● **WHAT NEEDS TO BE DONE**: The lines to copy run from the one containing "this 1500×2250 image." to the last line of the entries; output those lines exactly and only them, without pictures.

════════════════

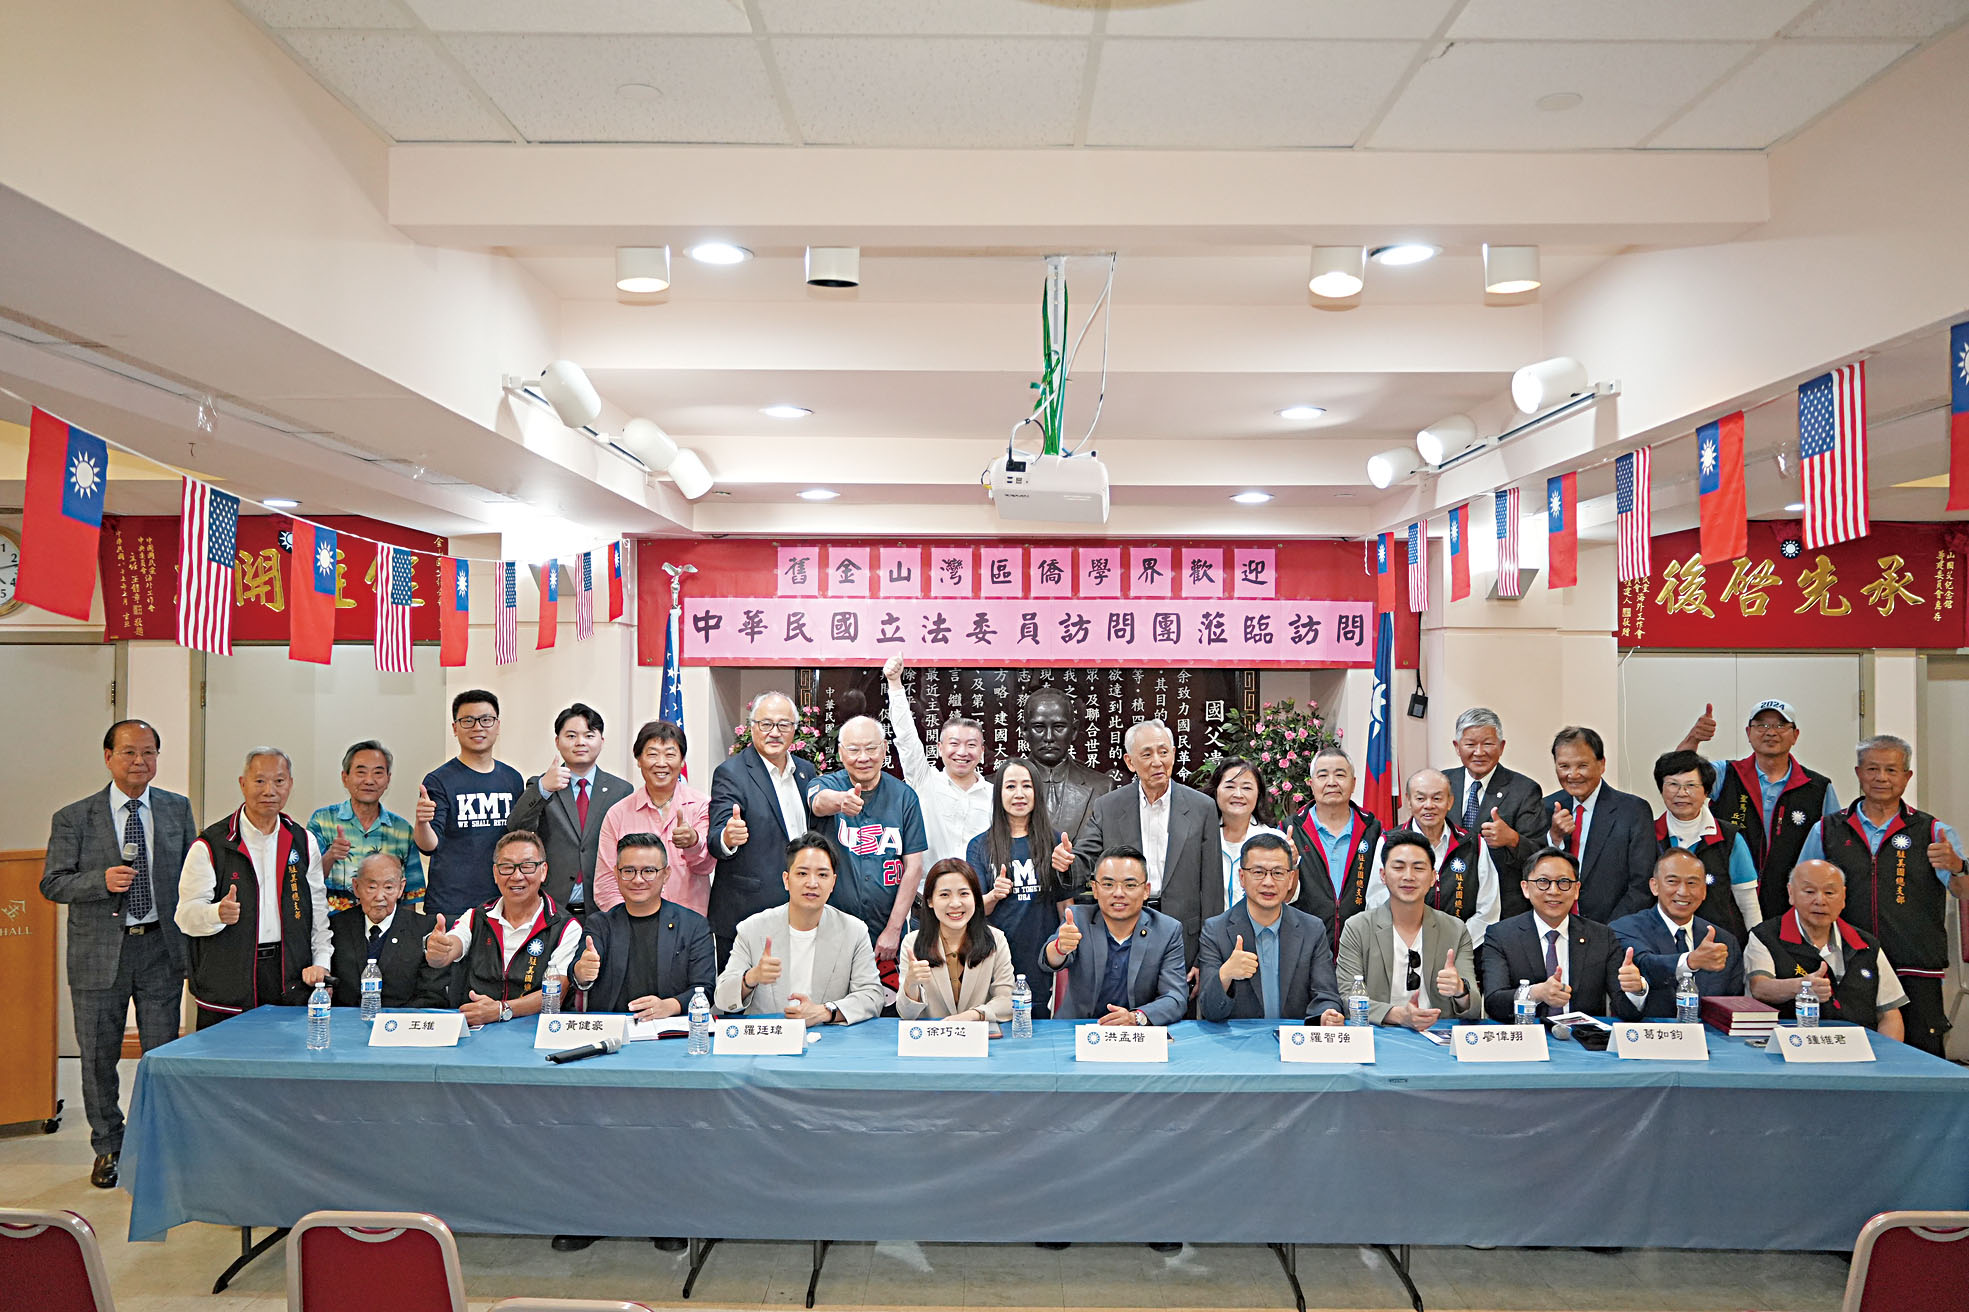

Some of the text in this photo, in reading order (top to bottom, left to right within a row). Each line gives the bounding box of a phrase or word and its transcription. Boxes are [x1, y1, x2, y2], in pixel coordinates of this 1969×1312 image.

[785, 556, 1268, 588] 舊金山灣區僑學界歡迎
[693, 609, 1365, 646] 中華民國立法委員訪問團蒞臨訪問
[1760, 700, 1785, 711] 2024
[456, 792, 513, 821] KMT
[457, 820, 469, 828] WE
[471, 819, 491, 828] SHALL
[837, 816, 904, 857] USA
[523, 956, 538, 992] 駐美國總
[408, 1020, 435, 1031] 王維
[566, 1020, 604, 1031] 黃健豪
[926, 1026, 966, 1038] 徐巧芯
[1104, 1031, 1145, 1043] 洪孟楷
[1310, 1031, 1351, 1044] 羅智強
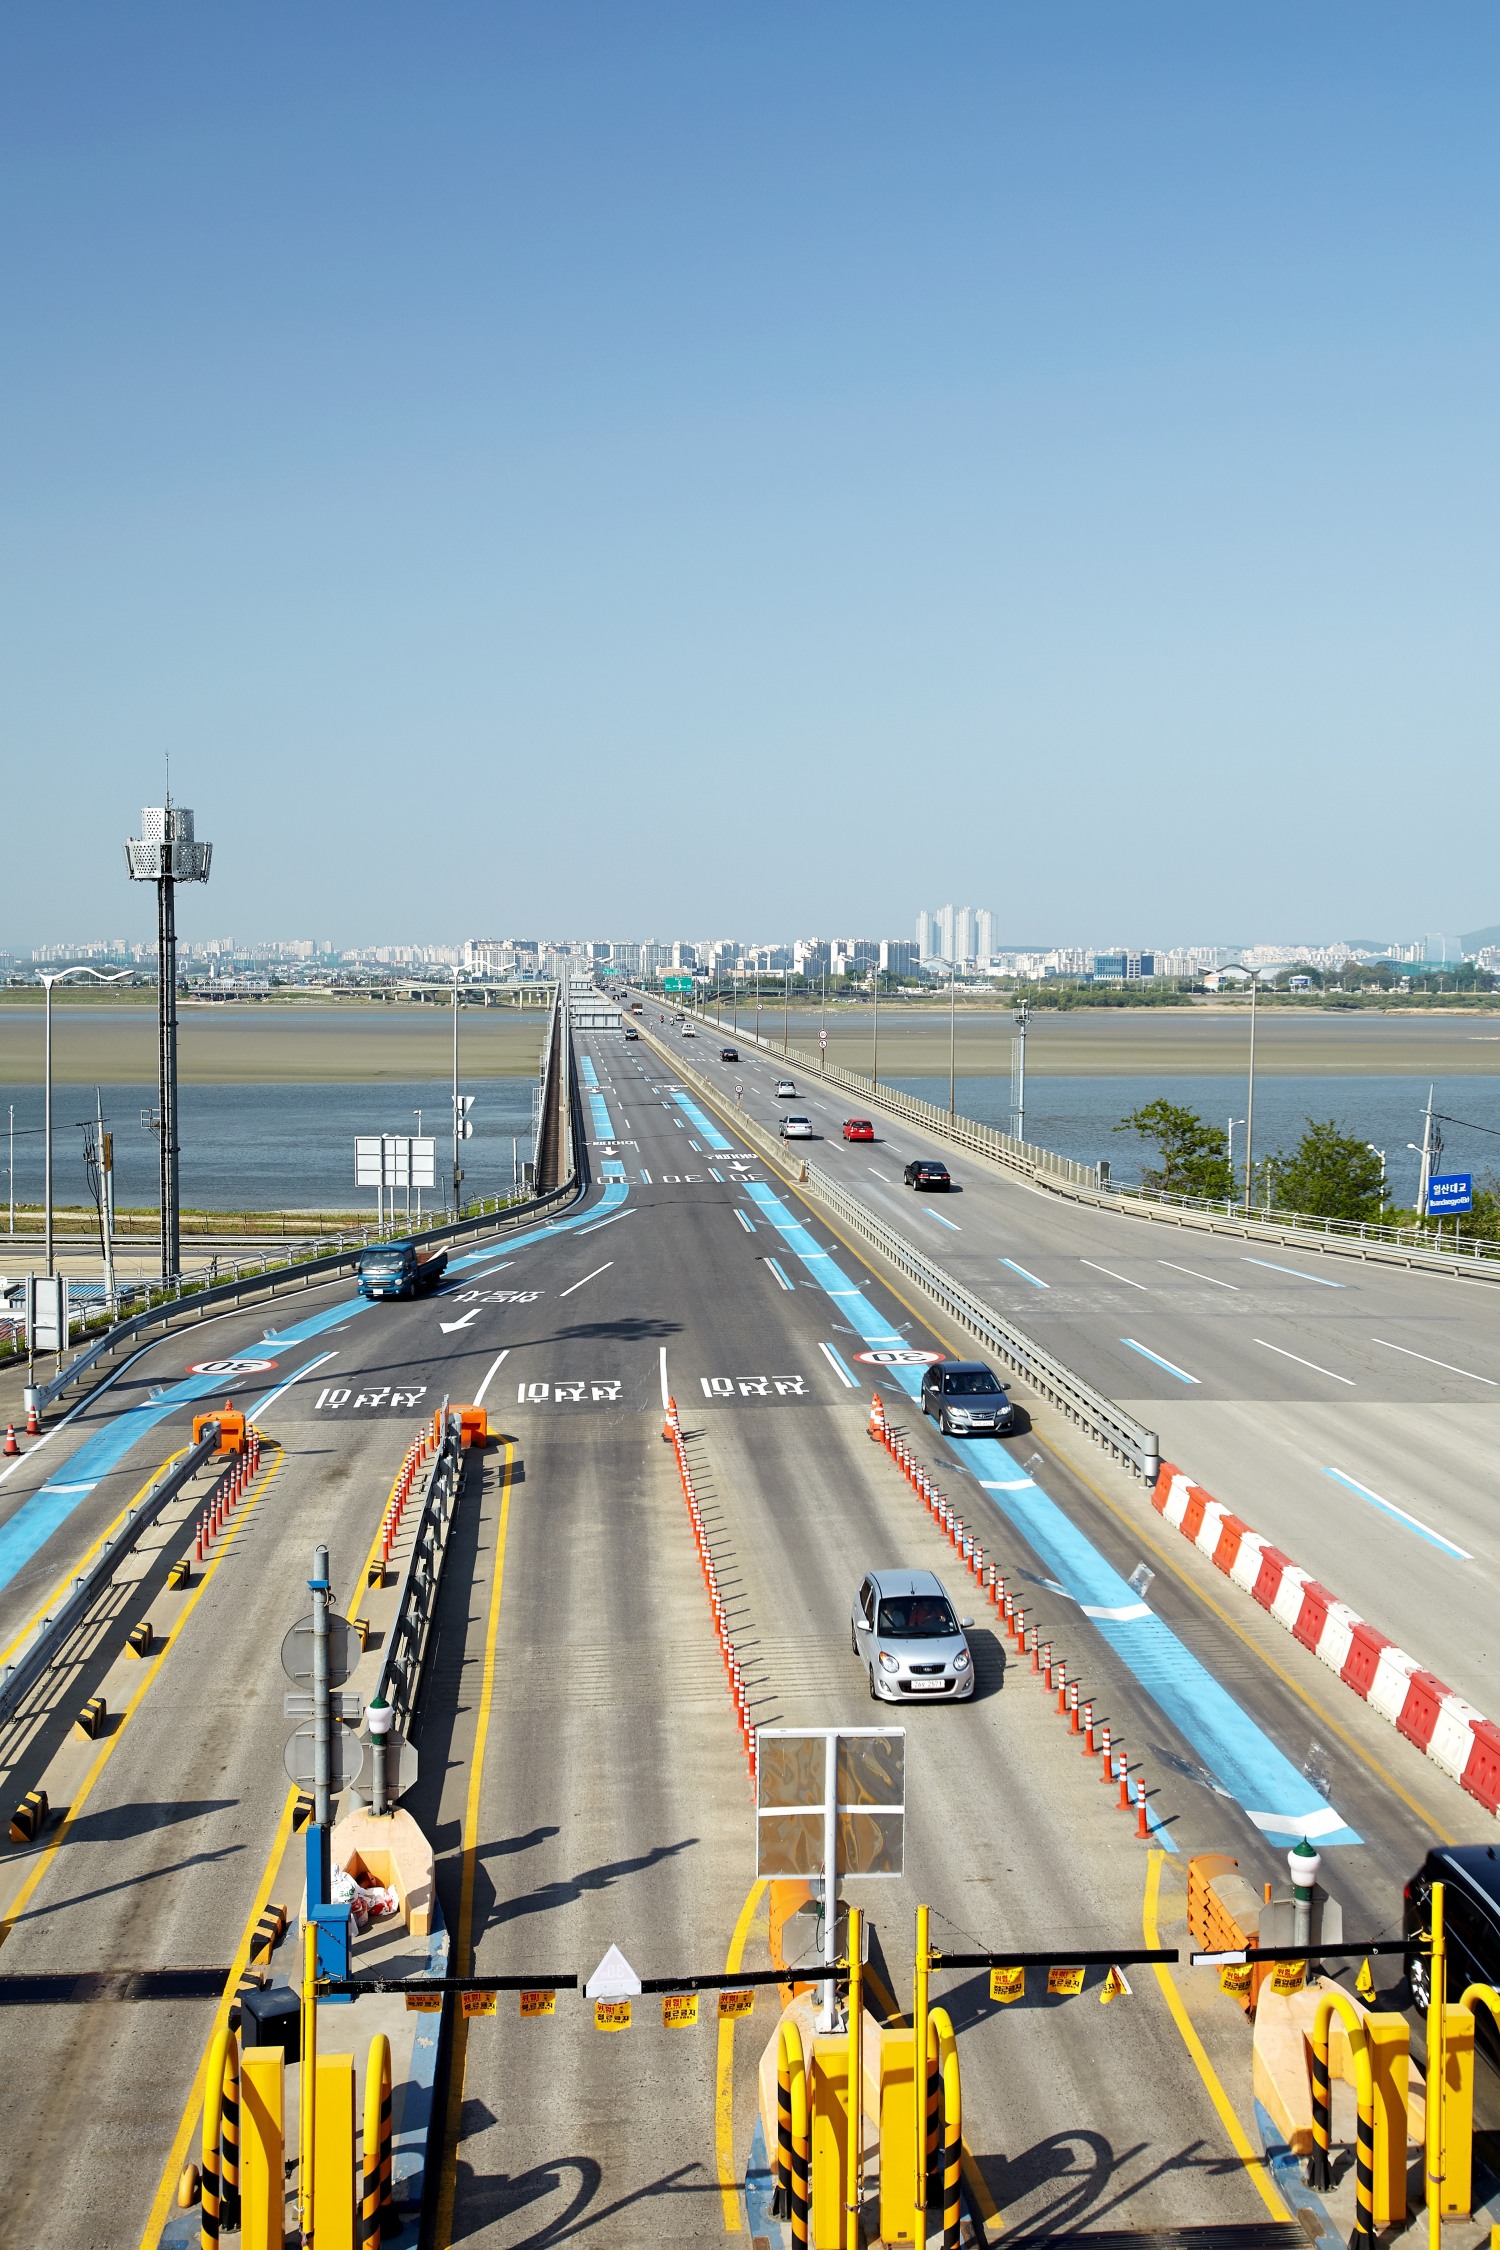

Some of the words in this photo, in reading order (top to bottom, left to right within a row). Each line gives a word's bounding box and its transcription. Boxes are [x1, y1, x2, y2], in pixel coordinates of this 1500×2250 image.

[597, 1176, 637, 1184] 30
[663, 1174, 703, 1183] 30
[729, 1173, 768, 1181] 30
[1433, 1182, 1467, 1196] 일산대교
[451, 1290, 545, 1303] 화물차
[873, 1352, 927, 1361] 30
[202, 1362, 262, 1371] 30
[700, 1375, 809, 1397] 천천히
[517, 1380, 623, 1403] 천천히
[314, 1386, 427, 1409] 천천히
[664, 1998, 682, 2008] 위험!
[664, 2009, 696, 2018] 접근금지
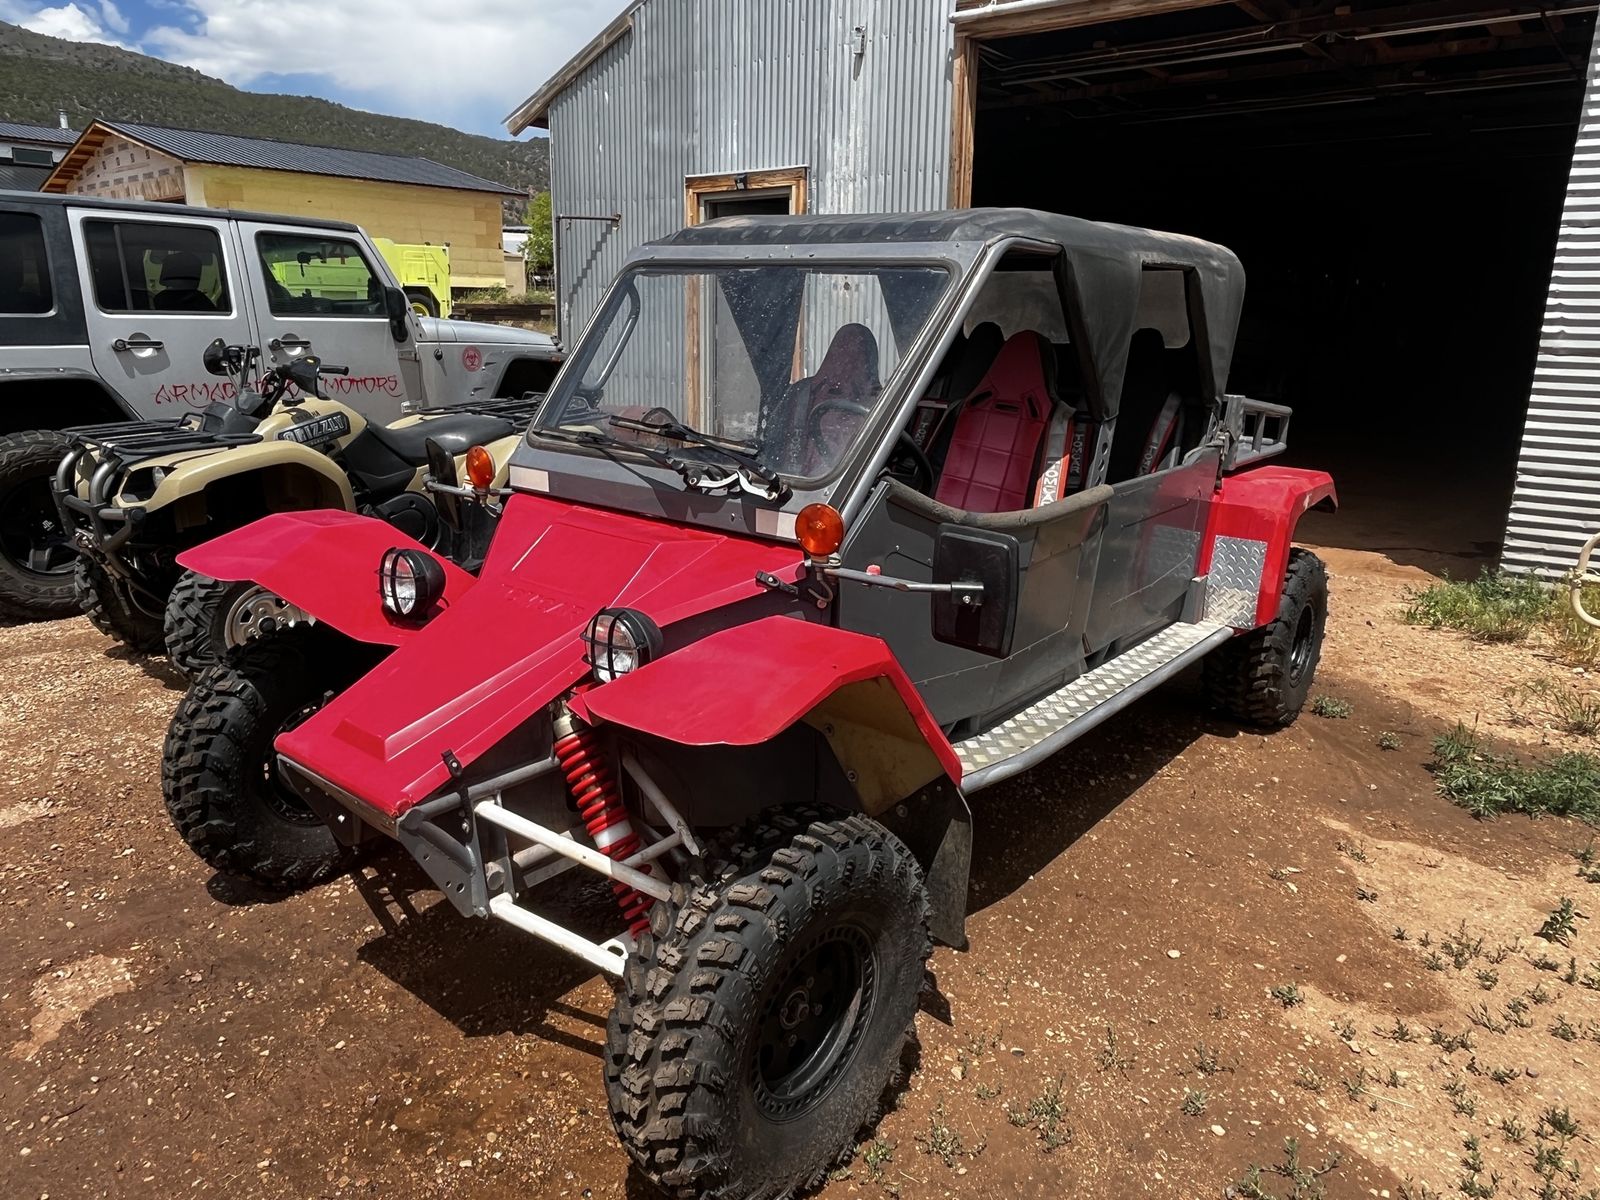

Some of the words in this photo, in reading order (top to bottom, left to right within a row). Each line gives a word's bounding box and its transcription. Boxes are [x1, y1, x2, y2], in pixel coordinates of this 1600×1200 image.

[324, 375, 402, 397] MOTORS
[1070, 433, 1085, 473] TOMCAR
[1040, 460, 1061, 506] TOMCA

════════════════

● **FINAL ANSWER**:
Some of the words in this photo, in reading order (top to bottom, left to right within a row). Each line gives a word's bounding box and its transcription. Boxes are [x1, y1, x2, y2], in pixel coordinates of this 1500×2250 image.

[597, 1176, 637, 1184] 30
[663, 1174, 703, 1183] 30
[729, 1173, 768, 1181] 30
[1433, 1182, 1467, 1196] 일산대교
[451, 1290, 545, 1303] 화물차
[873, 1352, 927, 1361] 30
[202, 1362, 262, 1371] 30
[700, 1375, 809, 1397] 천천히
[517, 1380, 623, 1403] 천천히
[314, 1386, 427, 1409] 천천히
[664, 1998, 682, 2008] 위험!
[664, 2009, 696, 2018] 접근금지

Some of the words in this photo, in reading order (top to bottom, left to right within a row). Each line gives a word's bounding box and its transcription. Boxes are [x1, y1, x2, y2], in pixel coordinates of this 1600×1200 image.

[324, 375, 402, 397] MOTORS
[1070, 433, 1085, 473] TOMCAR
[1040, 460, 1061, 506] TOMCA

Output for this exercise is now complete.